Ne ha parlato con chi di dovere ottenendo, per ora, solo vaghi cenni di consenso; ma lui non demorde e continuerà, finché ne avrà la forza, a portare avanti il suo progetto.
Un sogno che non ha a che fare con il suo lavoro, ma con il territorio: recuperare, almeno in parte, la vecchia miniera di manganese che sta lì vicino e che da diversi anni è in abbandono.

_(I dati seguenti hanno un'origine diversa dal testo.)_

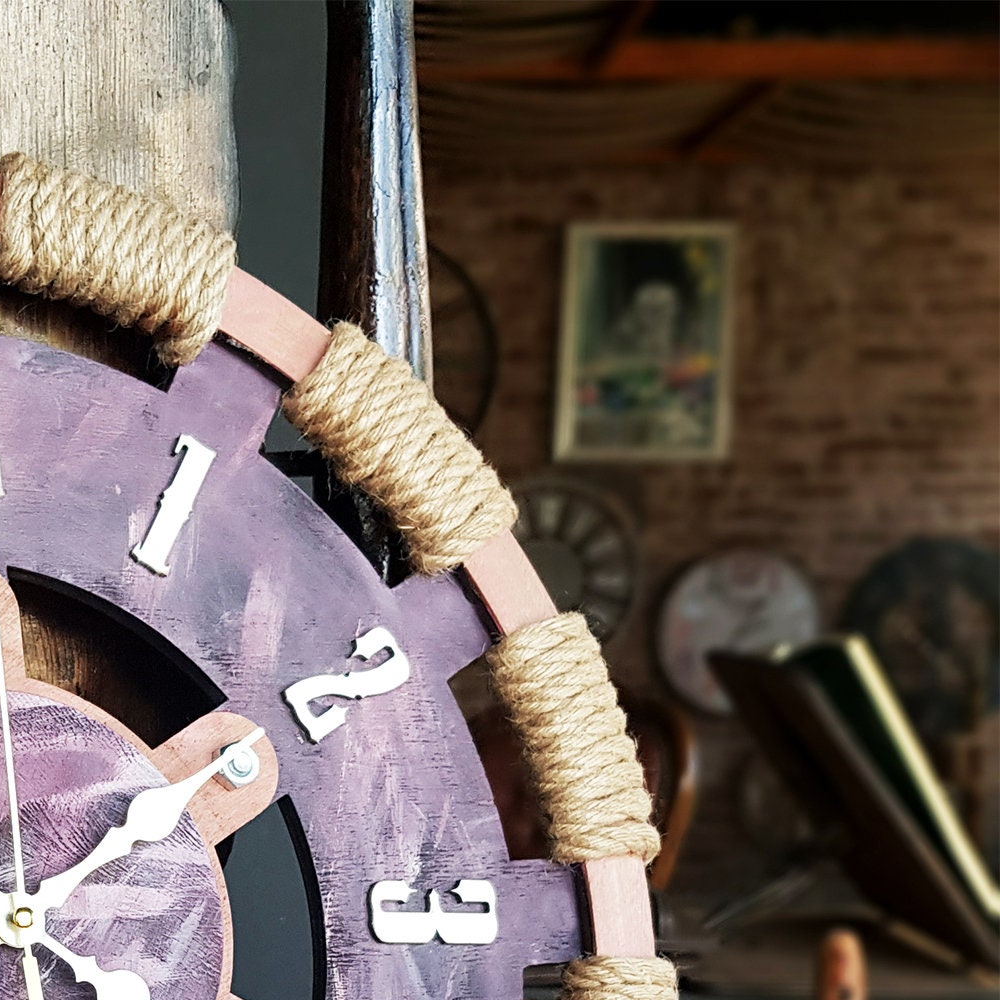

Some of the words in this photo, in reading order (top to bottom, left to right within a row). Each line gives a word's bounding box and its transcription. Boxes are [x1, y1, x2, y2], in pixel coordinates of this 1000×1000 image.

[132, 433, 217, 576] 1
[283, 626, 410, 744] 2
[368, 878, 497, 945] 3
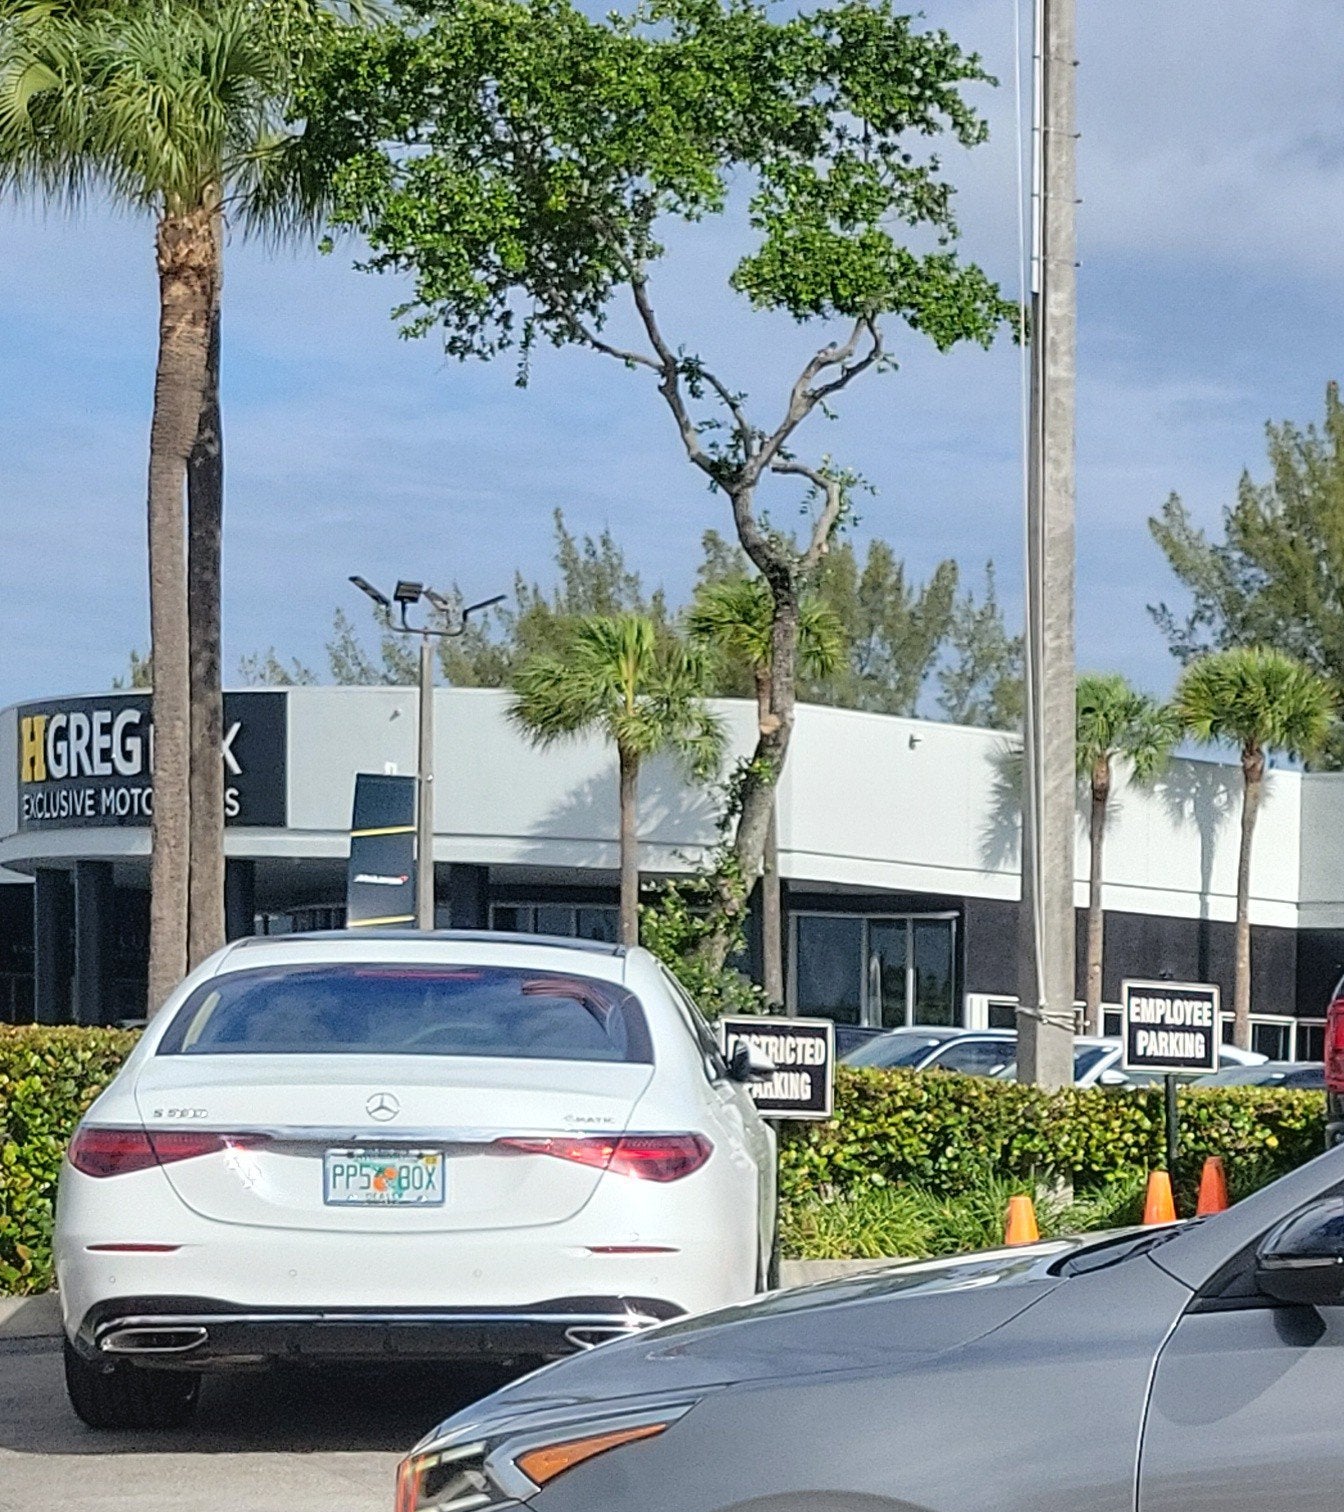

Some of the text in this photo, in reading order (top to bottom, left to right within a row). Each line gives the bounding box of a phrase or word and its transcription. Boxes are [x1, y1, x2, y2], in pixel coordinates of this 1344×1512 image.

[21, 709, 142, 782] HGREG
[24, 789, 96, 820] EXCLUSIVE
[1130, 996, 1212, 1027] EMPLOYEE
[727, 1033, 826, 1066] RTRICTED
[1136, 1030, 1206, 1059] PARKING

Vorrebbe realizzare un museo didattico rivolto soprattutto ai giovani, per far rivivere una storia lunga centosessant’anni, per ricordare i pericoli, la fatica del lavoro in miniera, e i tanti uomini e ragazzi (spesso bambini) che hanno buttato sangue per tirare fuori da quel budello nella roccia la ricchezza che stava dentro.
Mi affascina Mario, potrebbe lasciare questa frontiera e in pochi minuti scendere al mare, e starsene lì tranquillo tutto il giorno, anche solo ad annusare i sentori di salmastro, o a guardare le onde infrangersi sugli speroni di pietra, oppure, una volta stanco di quell’orizzonte d’acqua, andare al circolo per una partita a carte.
Invece sta qui, su queste alture, in questo paesaggio che sembra lo sfondo di un quadro antico, a seminare e aspettar raccolti; sta qui a cercare di togliere dall’oblio una storia di lavoro e fatica.
Mi vengono in mente le parole di una canzone: “Forse non lo sai ma pure questo è amore “.